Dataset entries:
>>

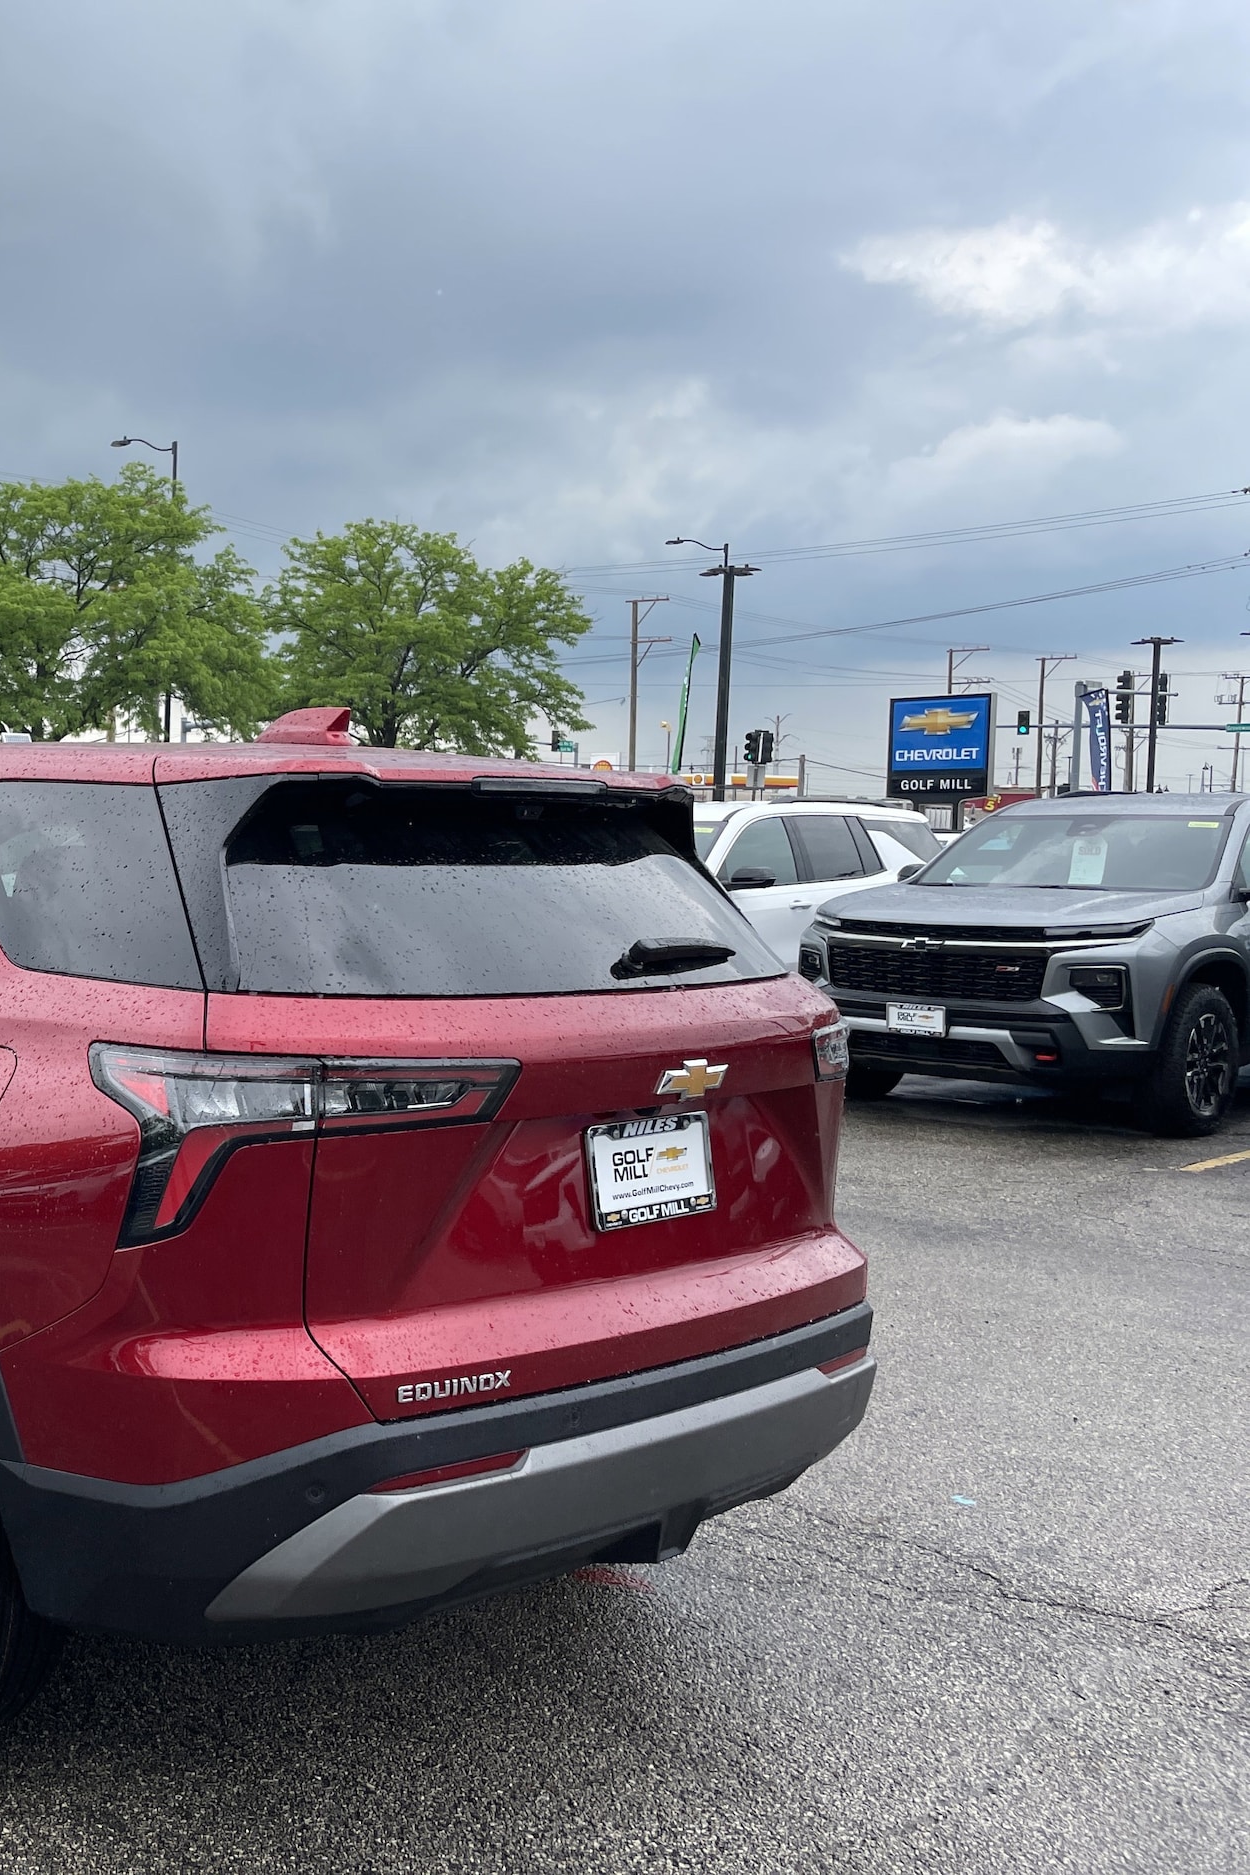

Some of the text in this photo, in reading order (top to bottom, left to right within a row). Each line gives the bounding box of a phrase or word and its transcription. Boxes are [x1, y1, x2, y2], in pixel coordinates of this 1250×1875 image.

[895, 747, 980, 761] CHEVROLET
[900, 779, 972, 791] GOLF MILL
[623, 1117, 678, 1137] NILES
[612, 1147, 654, 1167] GOLF
[614, 1164, 649, 1182] MILL
[656, 1163, 689, 1174] CHEVROLET
[612, 1181, 695, 1200] www.GolfMillChevy.com
[628, 1204, 660, 1223] GOLF
[661, 1200, 690, 1217] MILL
[397, 1369, 512, 1403] EQUINOX
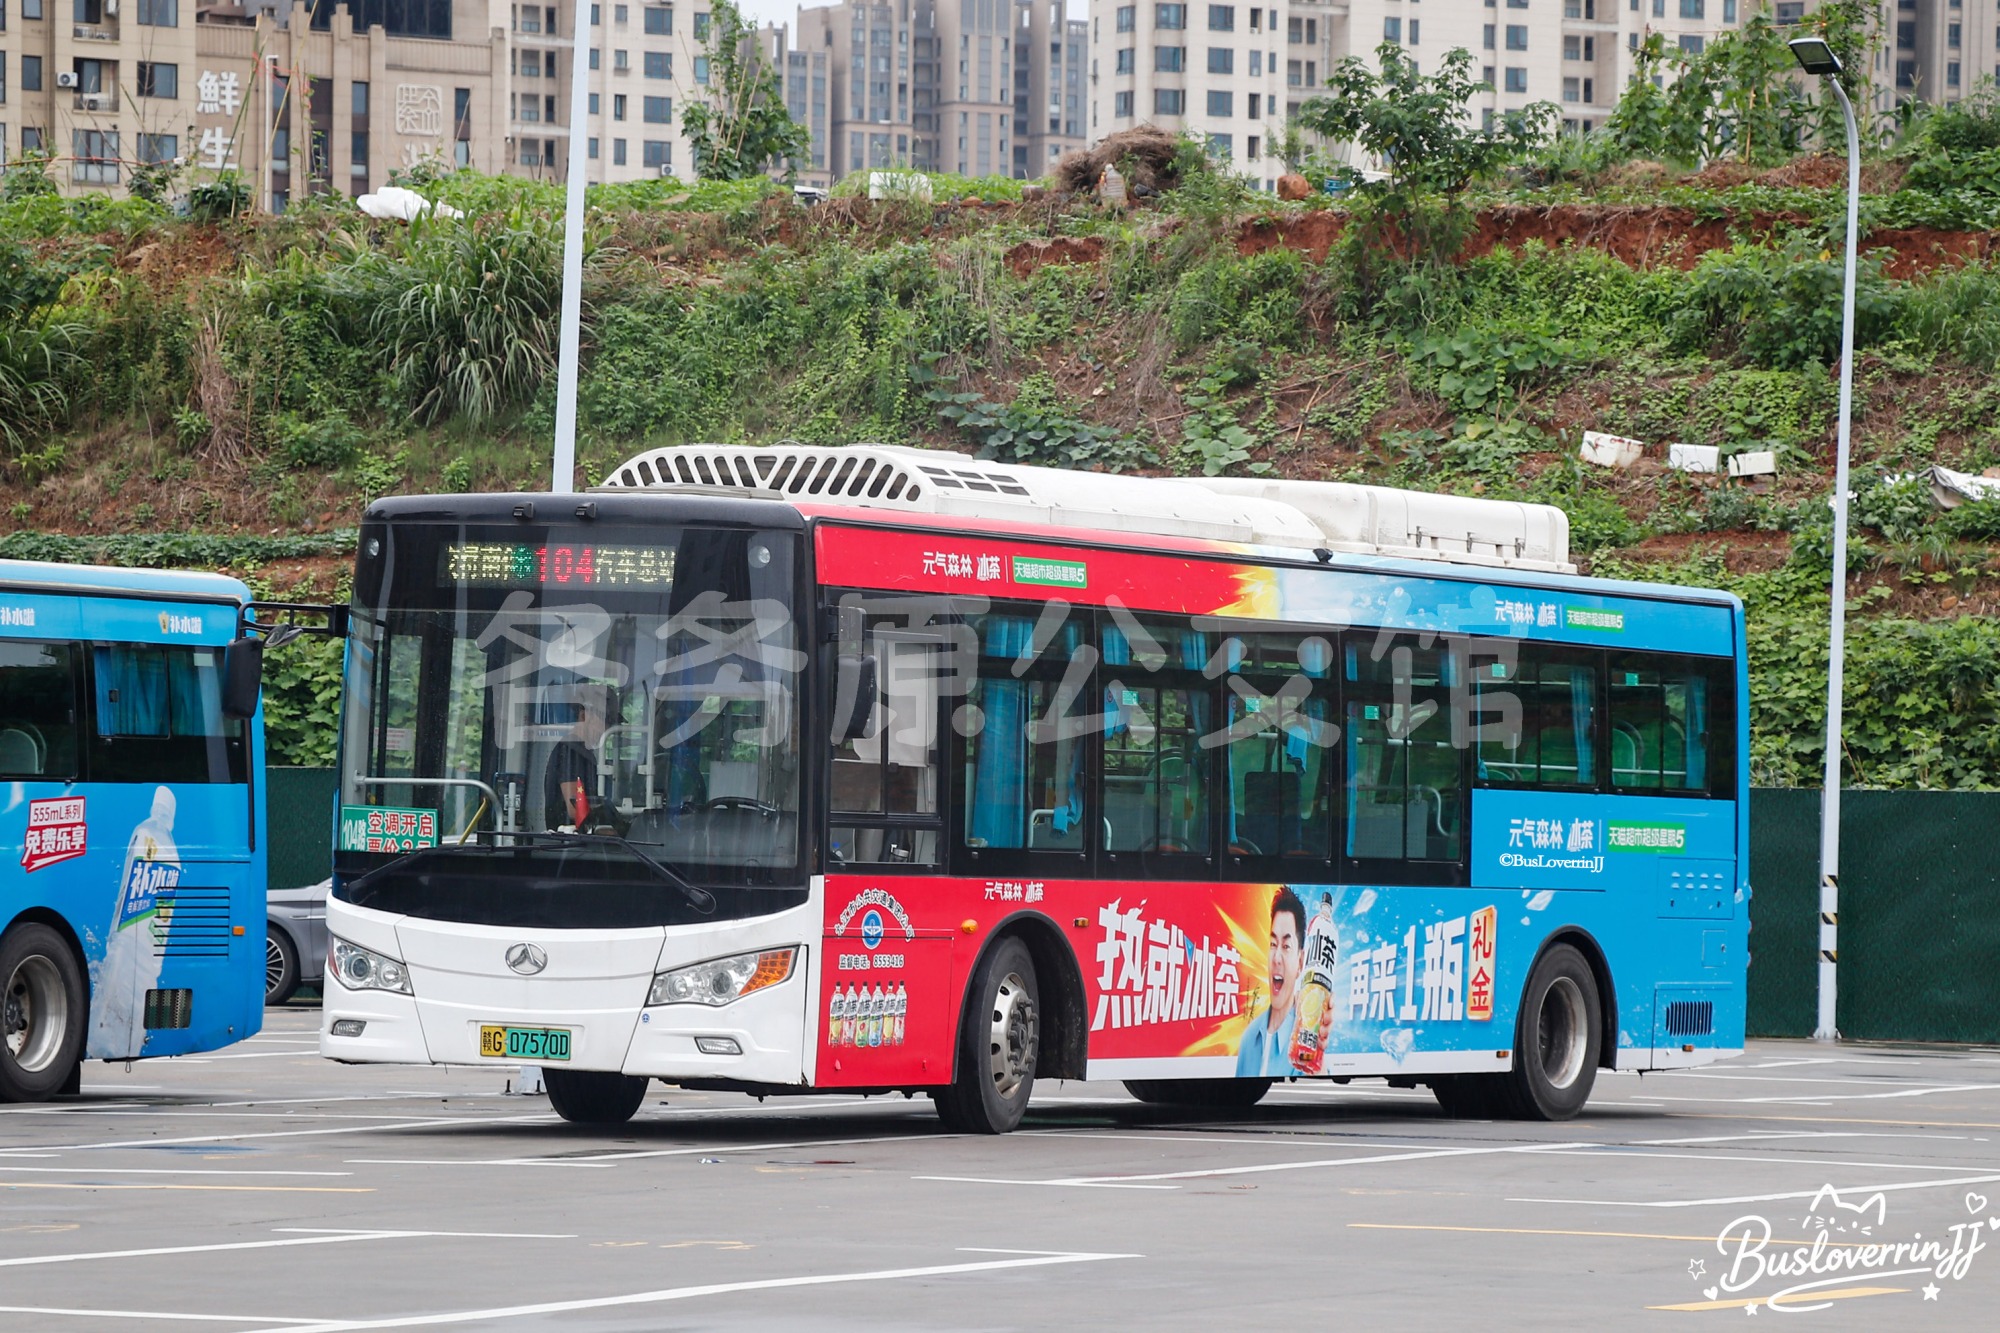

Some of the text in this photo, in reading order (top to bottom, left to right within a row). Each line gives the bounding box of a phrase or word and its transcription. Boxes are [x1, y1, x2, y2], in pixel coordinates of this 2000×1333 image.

<<

> **Task requirements**:
The records above are to be duplicated exactly, pictures left out.

> **Exercise solution**:
Some of the text in this photo, in reading order (top to bottom, left to right within a row). Each line gives the bounding box of a phrase or word and its transcription. Boxes are [x1, y1, x2, y2], in pixel coordinates of this 1250×1875 image.

[895, 747, 980, 761] CHEVROLET
[900, 779, 972, 791] GOLF MILL
[623, 1117, 678, 1137] NILES
[612, 1147, 654, 1167] GOLF
[614, 1164, 649, 1182] MILL
[656, 1163, 689, 1174] CHEVROLET
[612, 1181, 695, 1200] www.GolfMillChevy.com
[628, 1204, 660, 1223] GOLF
[661, 1200, 690, 1217] MILL
[397, 1369, 512, 1403] EQUINOX

Some of the text in this photo, in reading order (top to bottom, left to right within a row). Each line gives the bounding box of a phrase or word and its transcription. Boxes are [x1, y1, x2, y2], in pixel coordinates of this 2000×1333 image.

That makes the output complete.